The researchers conducted a study in which they investigated the prediction of breast cancer using ensemble machine learning algorithms [20]. The study conducted an analysis on a dataset pertaining to breast cancer, with a specific focus on investigating risk factors including family history, physical inactivity, psychological stress, and breast size. The prediction task utilized two widely recognized ensemble algorithms, namely random forest and Extreme Gradient Boosting (XGBoost). The analysis encompassed a total of 275 instances, each characterized by 12 distinct features. The findings demonstrated that the random forest algorithm achieved an accuracy rate of 74.7%, while XGBoost achieved an accuracy rate of 73.63%. These results highlight the potential of ensemble techniques, such as random forest and XGBoost, in the prediction of breast cancer.

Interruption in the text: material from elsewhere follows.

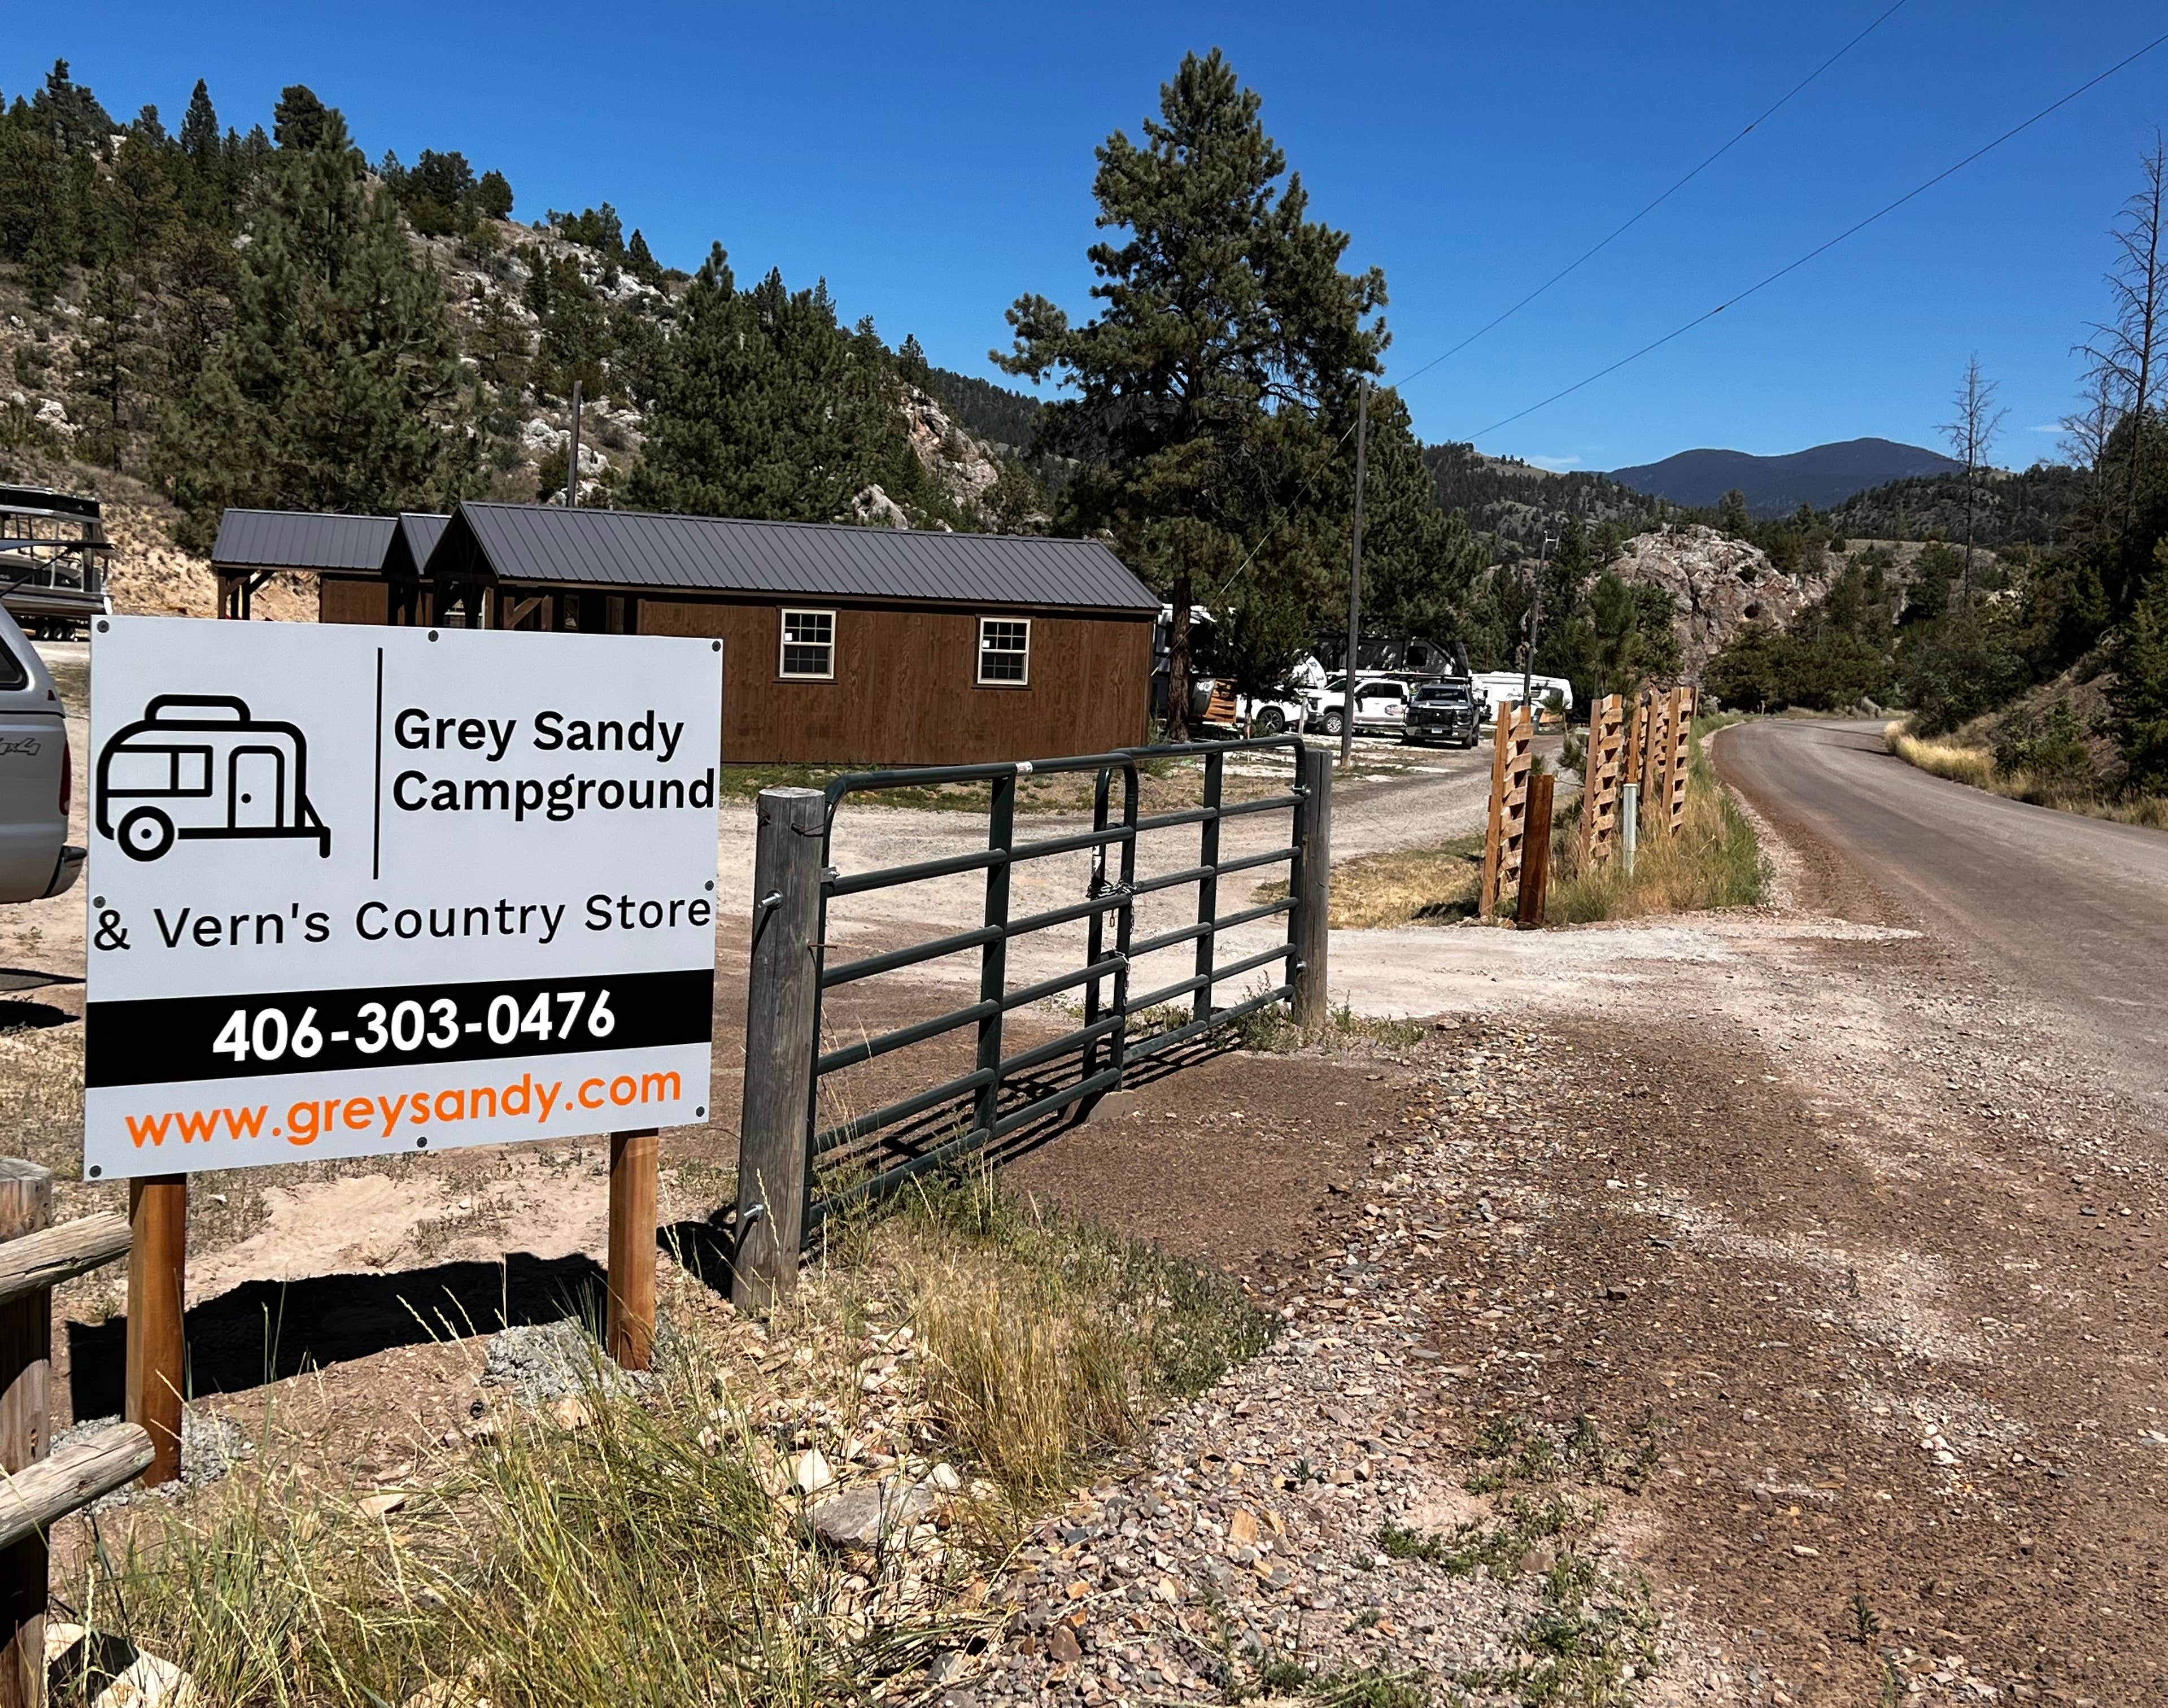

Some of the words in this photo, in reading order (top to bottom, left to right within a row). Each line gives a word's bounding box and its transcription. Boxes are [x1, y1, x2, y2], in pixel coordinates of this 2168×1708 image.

In another study, the researchers aimed to investigate the role of MRI-based radiomics features in predicting the risk of tumor recurrence in patients with ER + /HER2 − invasive breast cancer who underwent Oncotype DX testing [21]. A total of 62 patients were included in the analysis. Radiomics features were extracted from both the tumor and the surrounding peritumoral tissues. The multivariate machine learning algorithm used was partial least square (PLS) regression. The top 5% of radiomics features with the largest PLS β-weights were selected for the analysis. The performance of the radiomics model was evaluated using leave-one-out nested cross-validation (nCV) and receiver operating characteristic (ROC) analysis. The results showed that the radiomics model achieved an area under the curve (AUC) of 0.76, indicating its potential to accurately predict the risk of tumor recurrence in early ER + /HER2 − breast cancer patients. Additional examination that integrates particular dynamic contrast-enhanced (DCE) images also revealed a propensity towards statistical significance. The results indicate that utilizing a radiomics-based machine learning methodology shows potential in forecasting the likelihood of recurrence in this specific group of patients.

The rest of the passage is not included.